Environment Variables

This document describes environment variables that are having effect on DPC++ compiler and runtime.

Controlling DPC++ runtime

Environment variable

Values

Description

SYCL_BE (deprecated)

PI_OPENCL, PI_LEVEL_ZERO, PI_CUDA

Force SYCL RT to consider only devices of the specified backend during the device selection. We are planning to deprecate SYCL_BE environment variable in the future. The specific grace period is not decided yet. Please use the new env var SYCL_DEVICE_FILTER instead.

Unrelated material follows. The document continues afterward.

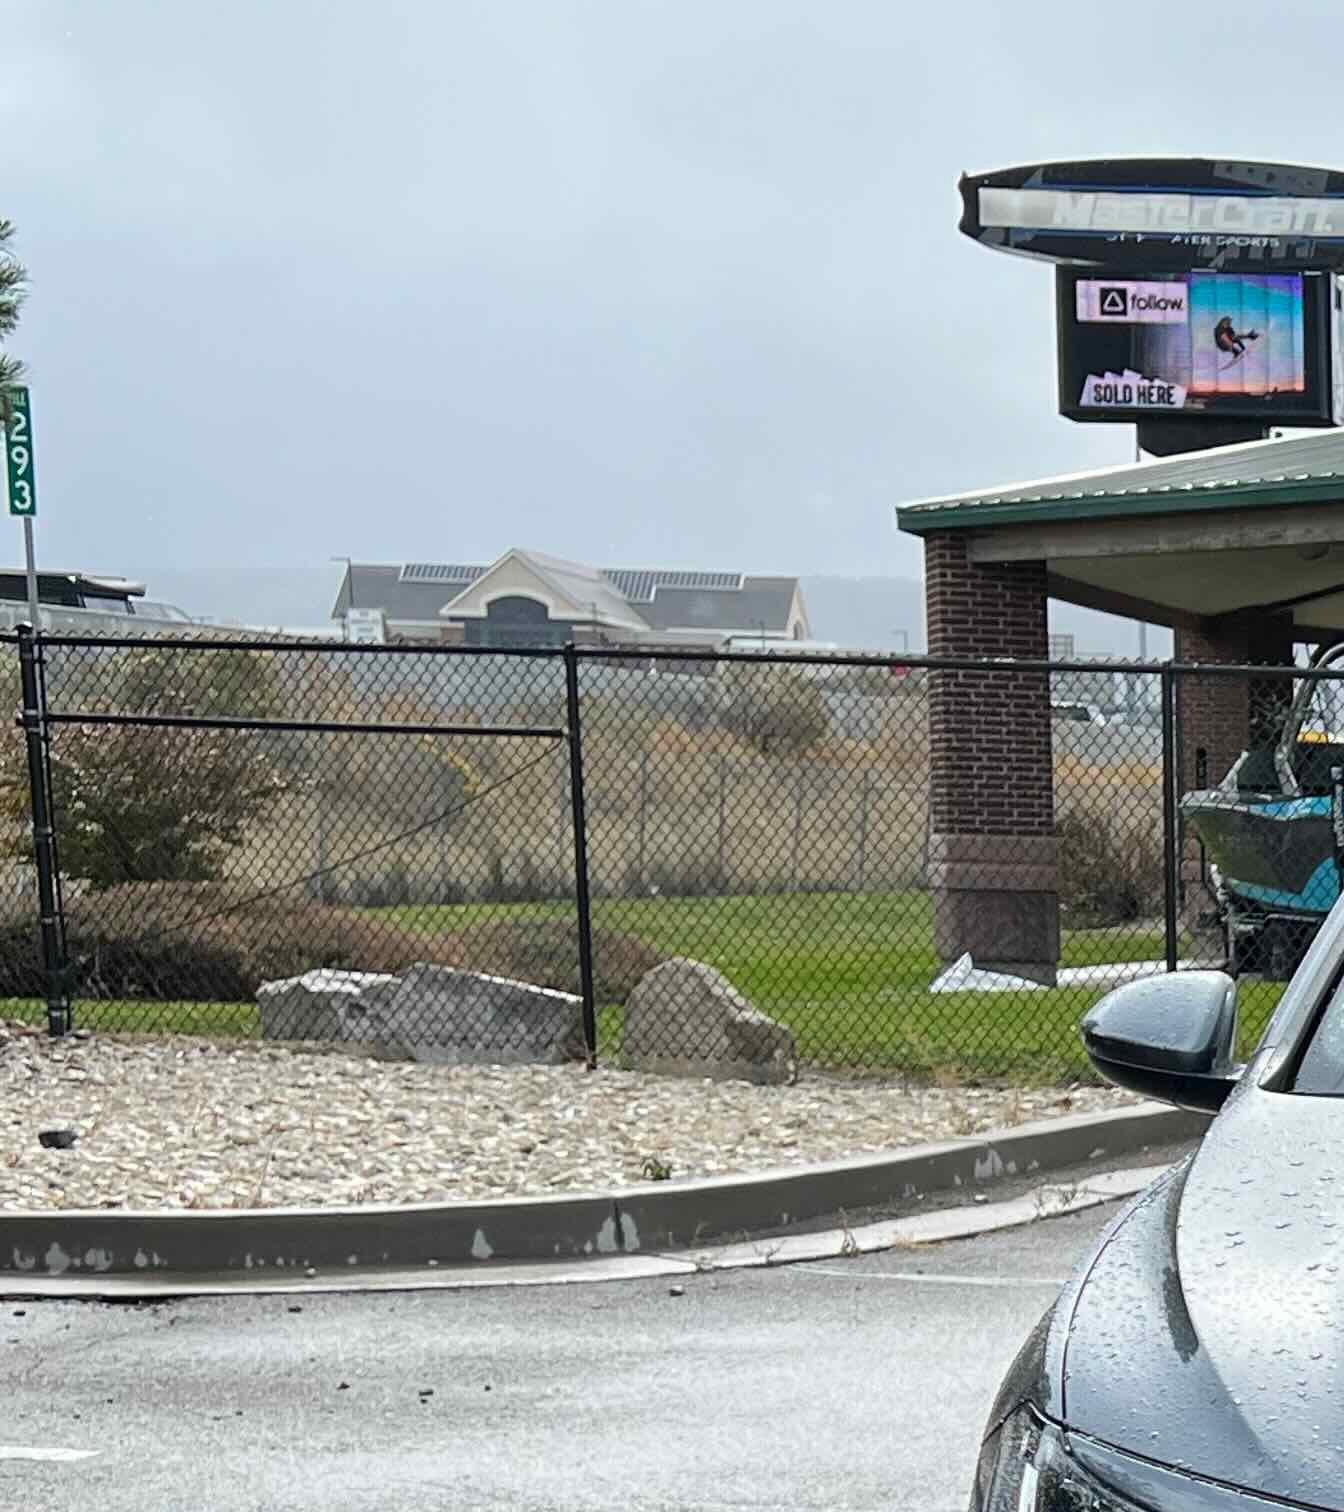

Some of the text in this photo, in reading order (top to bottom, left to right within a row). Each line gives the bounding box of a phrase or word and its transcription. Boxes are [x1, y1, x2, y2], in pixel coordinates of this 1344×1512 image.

[1215, 235, 1281, 248] SPORTS
[1093, 384, 1176, 405] SOLD HERE
[10, 411, 32, 510] 293
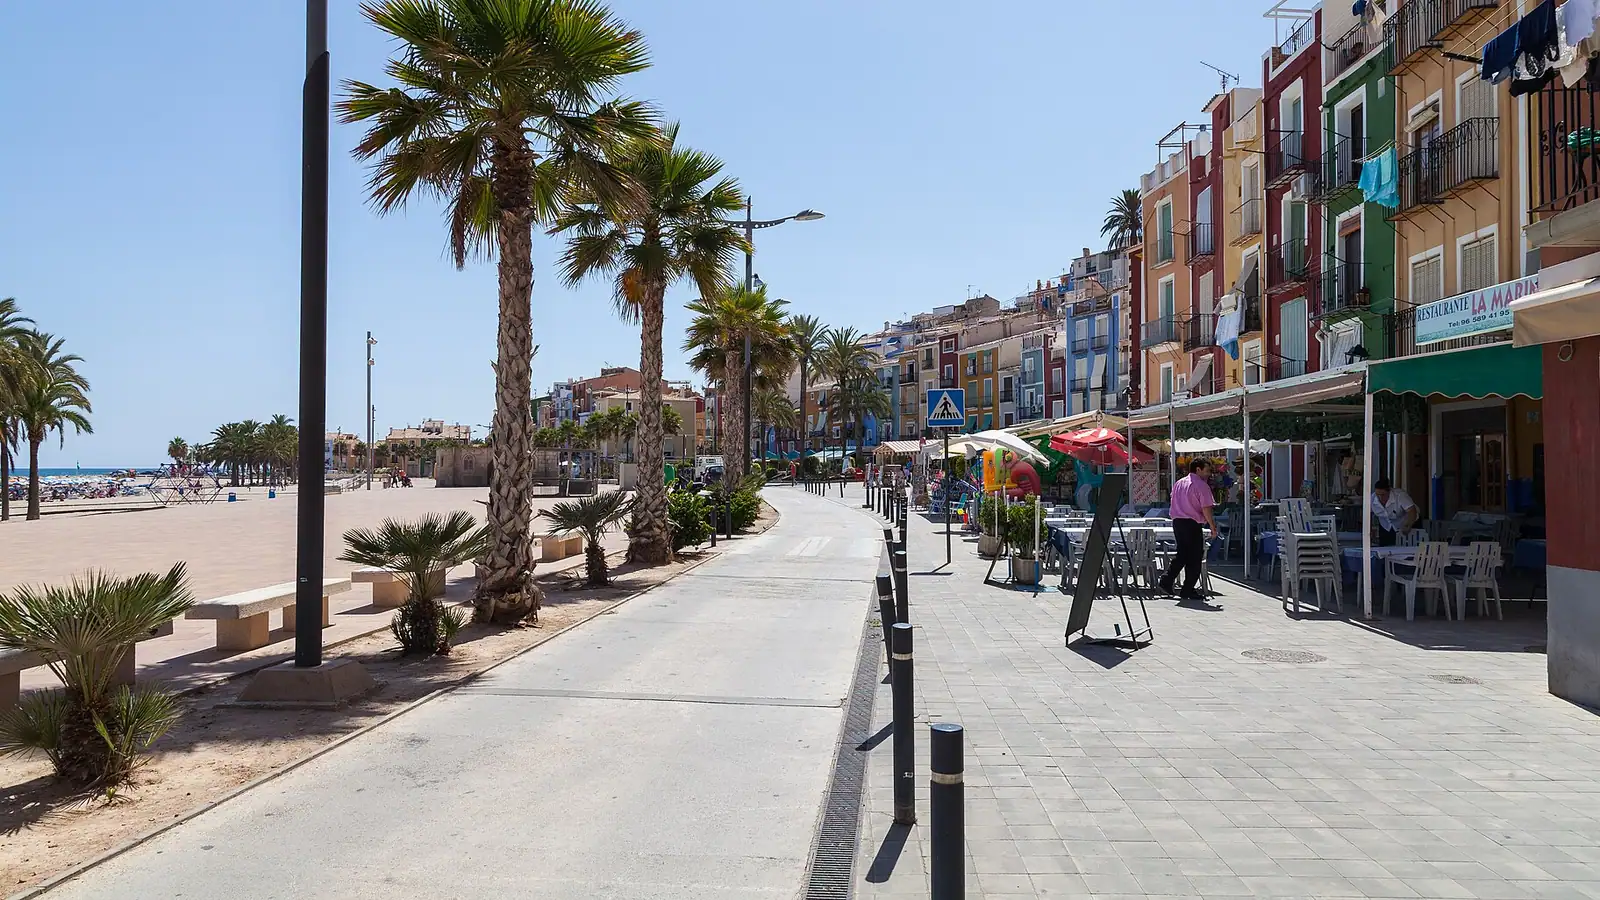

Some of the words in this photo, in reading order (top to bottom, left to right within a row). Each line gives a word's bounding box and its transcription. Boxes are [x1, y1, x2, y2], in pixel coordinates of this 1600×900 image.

SYCL_DEVICE_TYPE (deprecated)

CPU, GPU, ACC, HOST

Force SYCL to use the specified device type. If unset, default selection rules are applied. If set to any unlisted value, this control has no effect. If the requested device type is not found, a sycl::runtime_error exception is thrown. If a non-default device selector is used, a device must satisfy both the selector and this control to be chosen. This control only has effect on devices created with a selector. We are planning to deprecate SYCL_DEVICE_TYPE environment variable in the future. The specific grace period is not decided yet. Please use the new env var SYCL_DEVICE_FILTER instead.

SYCL_DEVICE_FILTER

backend:device_type:device_num

See Section SYCL_DEVICE_FILTER below.

SYCL_DEVICE_ALLOWLIST

See below

Filter out devices that do not match the pattern specified. BackendName accepts host, opencl, level_zero or cuda. DeviceType accepts host, cpu, gpu or acc. DeviceVendorId accepts uint32_t in hex form (0xXYZW). DriverVersion, PlatformVersion, DeviceName and PlatformName accept regular expression. Special characters, such as parenthesis, must be escaped. DPC++ runtime will select only those devices which satisfy provided values above and regex. More than one device can be specified using the piping symbol “|”.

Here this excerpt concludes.